— Instructions for the task —
Wherever an image appears in the data, omit it and copy all the remaining text word for word.

Data records:
:::

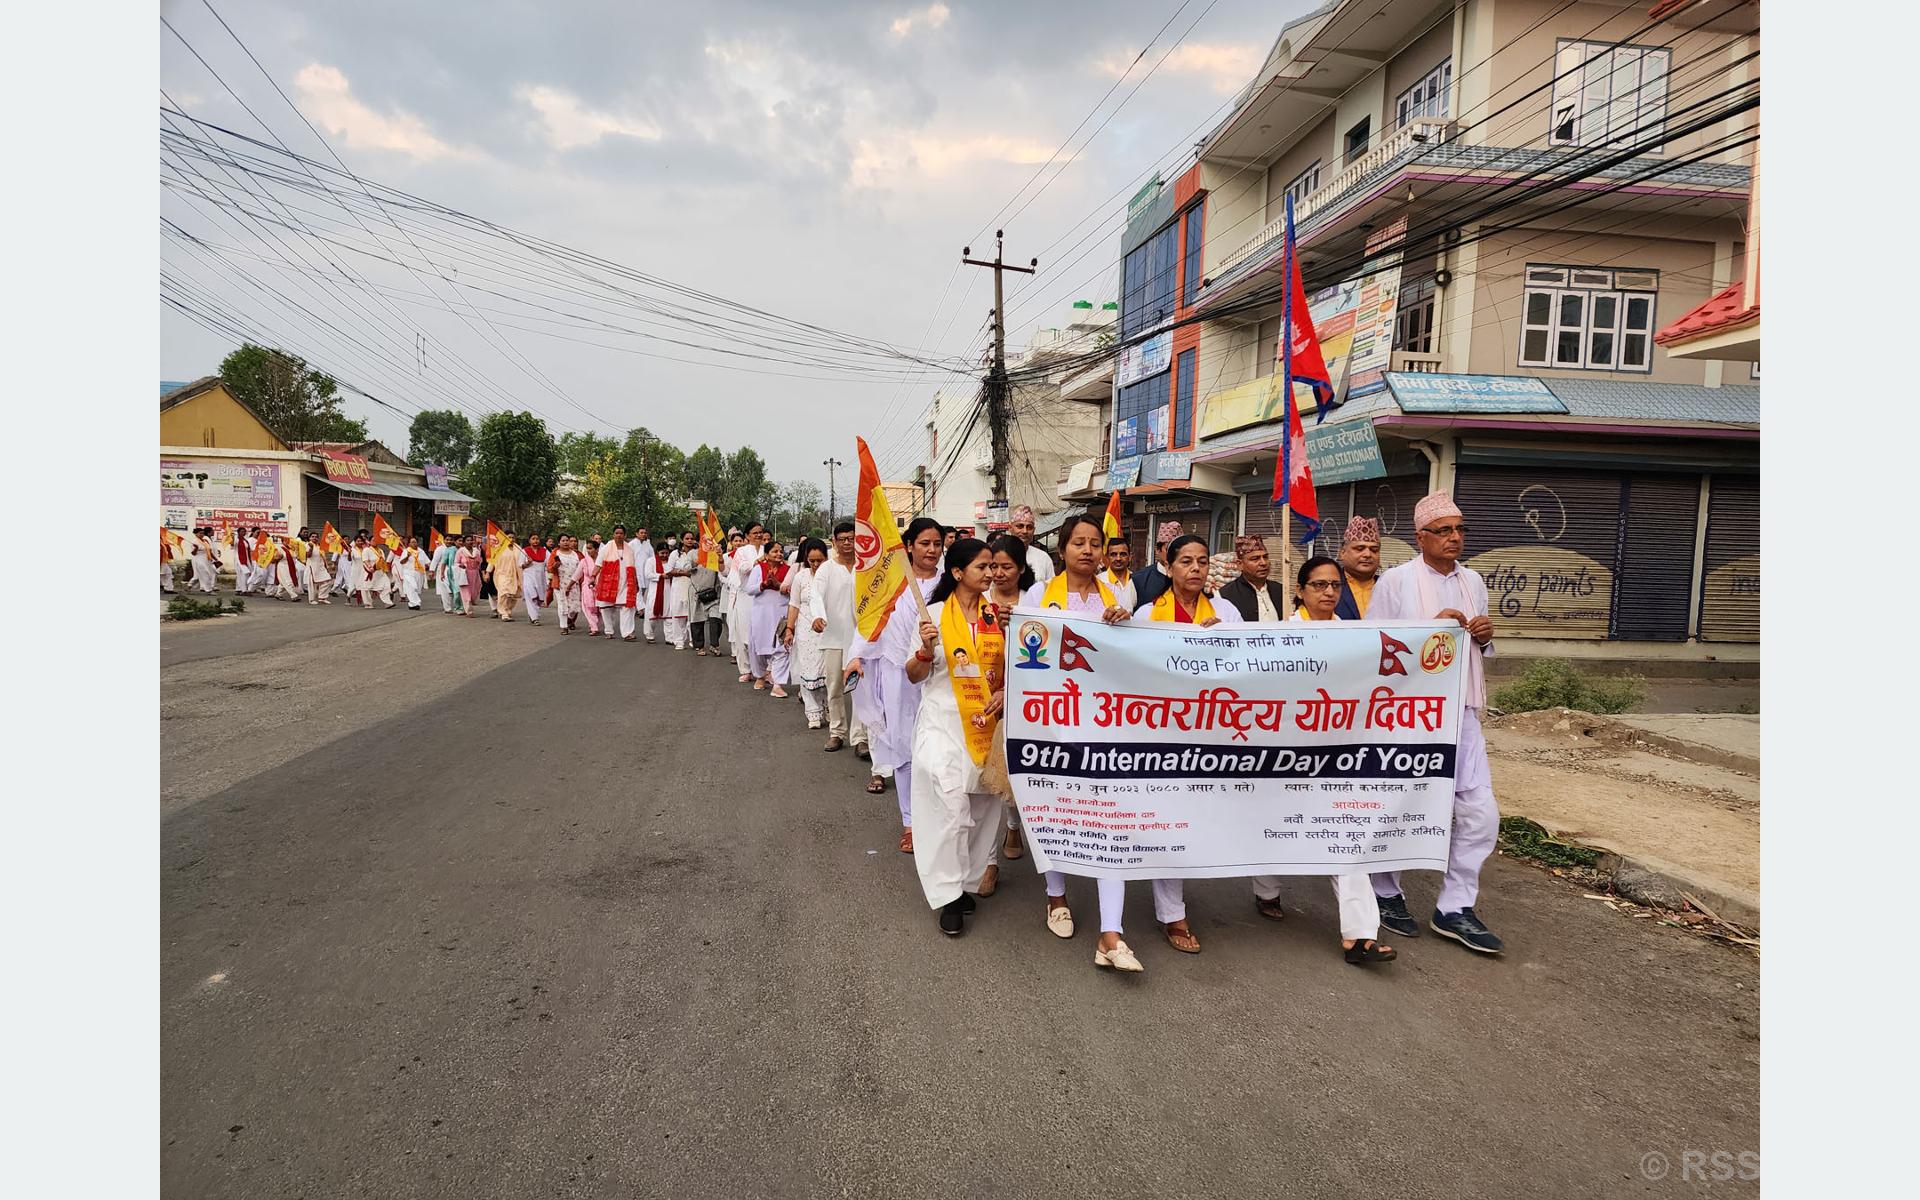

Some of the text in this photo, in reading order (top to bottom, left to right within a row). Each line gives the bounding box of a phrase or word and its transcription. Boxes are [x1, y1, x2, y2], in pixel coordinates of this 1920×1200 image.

[1322, 453, 1335, 469] AND
[1335, 445, 1379, 466] STATIONARY
[247, 465, 273, 478] फोटो
[349, 457, 370, 480] फोटो
[1532, 566, 1596, 613] paints
[1183, 633, 1305, 649] मानवताका लागि योग
[1166, 655, 1328, 676] (Yoga For Humanity)
[1295, 687, 1360, 732] योग
[1365, 685, 1446, 732] दिवस
[1020, 743, 1071, 769] 9th
[1080, 746, 1267, 772] International
[1272, 750, 1329, 777] Day
[1336, 747, 1369, 771] of
[1376, 747, 1445, 777] Yoga
[1066, 782, 1081, 791] २१
[1089, 784, 1108, 796] जुन
[1113, 785, 1139, 793] २०२३
[1146, 783, 1180, 794] (२०८०
[1186, 784, 1214, 793] असार
[1220, 784, 1226, 793] ६
[1234, 781, 1255, 794] गते)
[1378, 813, 1398, 825] योग
[1402, 812, 1425, 823] दिवस
[1263, 825, 1446, 842] जिल्ला स्तरीय मूल समारोह समिति
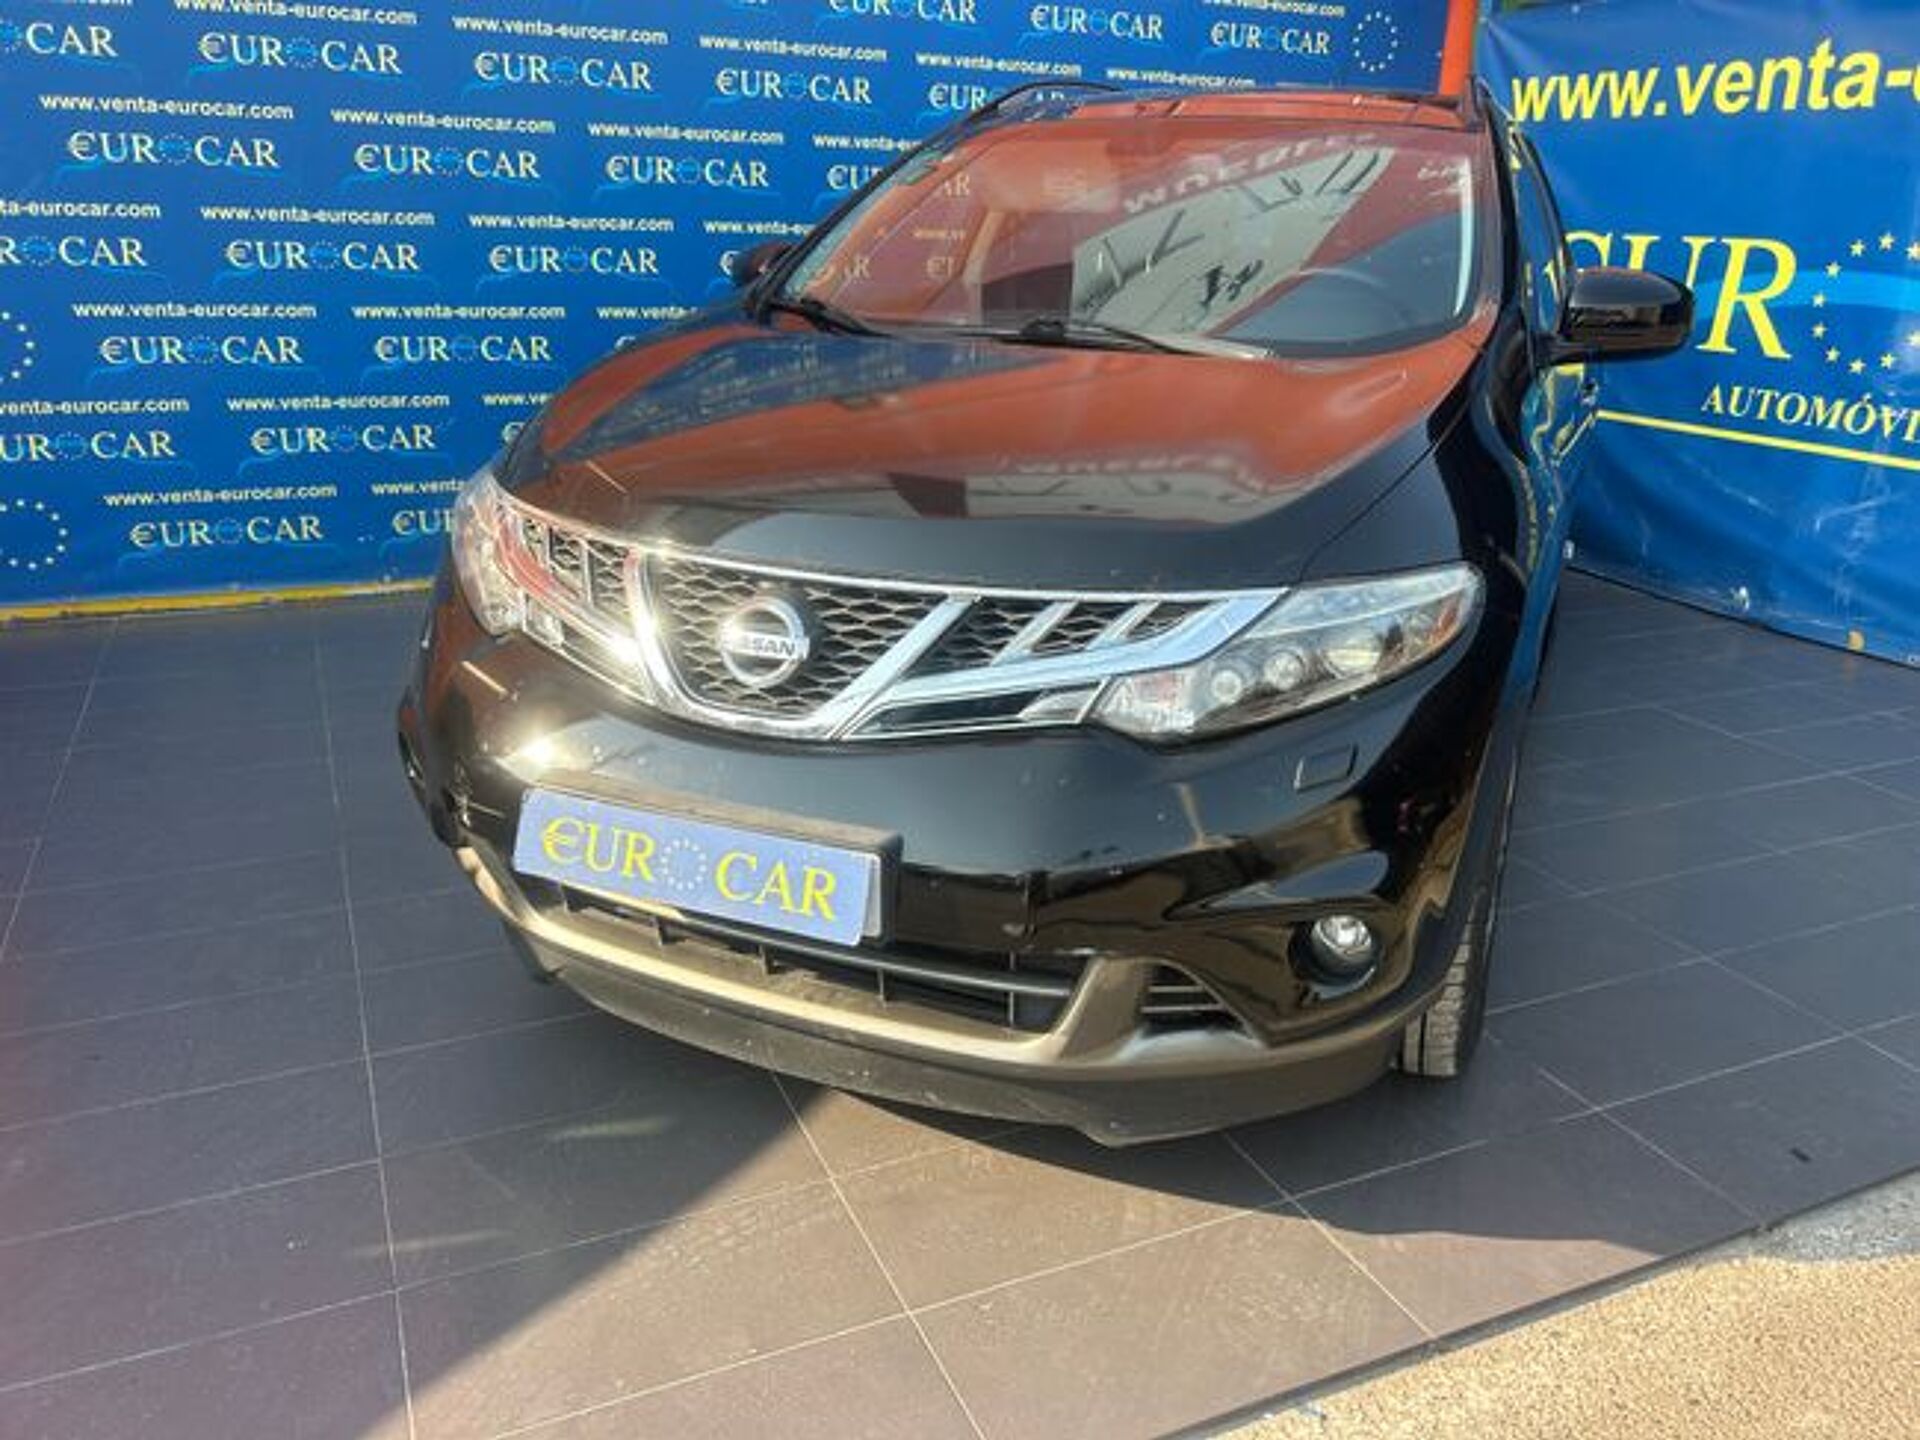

:::

— Response to this task —
Some of the text in this photo, in reading order (top to bottom, left to right within a row). Each line gives the bounding box of a phrase or word and its transcription. Boxes are [x1, y1, x2, y2], in pixel coordinates of this 1920×1200 image.

[1322, 453, 1335, 469] AND
[1335, 445, 1379, 466] STATIONARY
[247, 465, 273, 478] फोटो
[349, 457, 370, 480] फोटो
[1532, 566, 1596, 613] paints
[1183, 633, 1305, 649] मानवताका लागि योग
[1166, 655, 1328, 676] (Yoga For Humanity)
[1295, 687, 1360, 732] योग
[1365, 685, 1446, 732] दिवस
[1020, 743, 1071, 769] 9th
[1080, 746, 1267, 772] International
[1272, 750, 1329, 777] Day
[1336, 747, 1369, 771] of
[1376, 747, 1445, 777] Yoga
[1066, 782, 1081, 791] २१
[1089, 784, 1108, 796] जुन
[1113, 785, 1139, 793] २०२३
[1146, 783, 1180, 794] (२०८०
[1186, 784, 1214, 793] असार
[1220, 784, 1226, 793] ६
[1234, 781, 1255, 794] गते)
[1378, 813, 1398, 825] योग
[1402, 812, 1425, 823] दिवस
[1263, 825, 1446, 842] जिल्ला स्तरीय मूल समारोह समिति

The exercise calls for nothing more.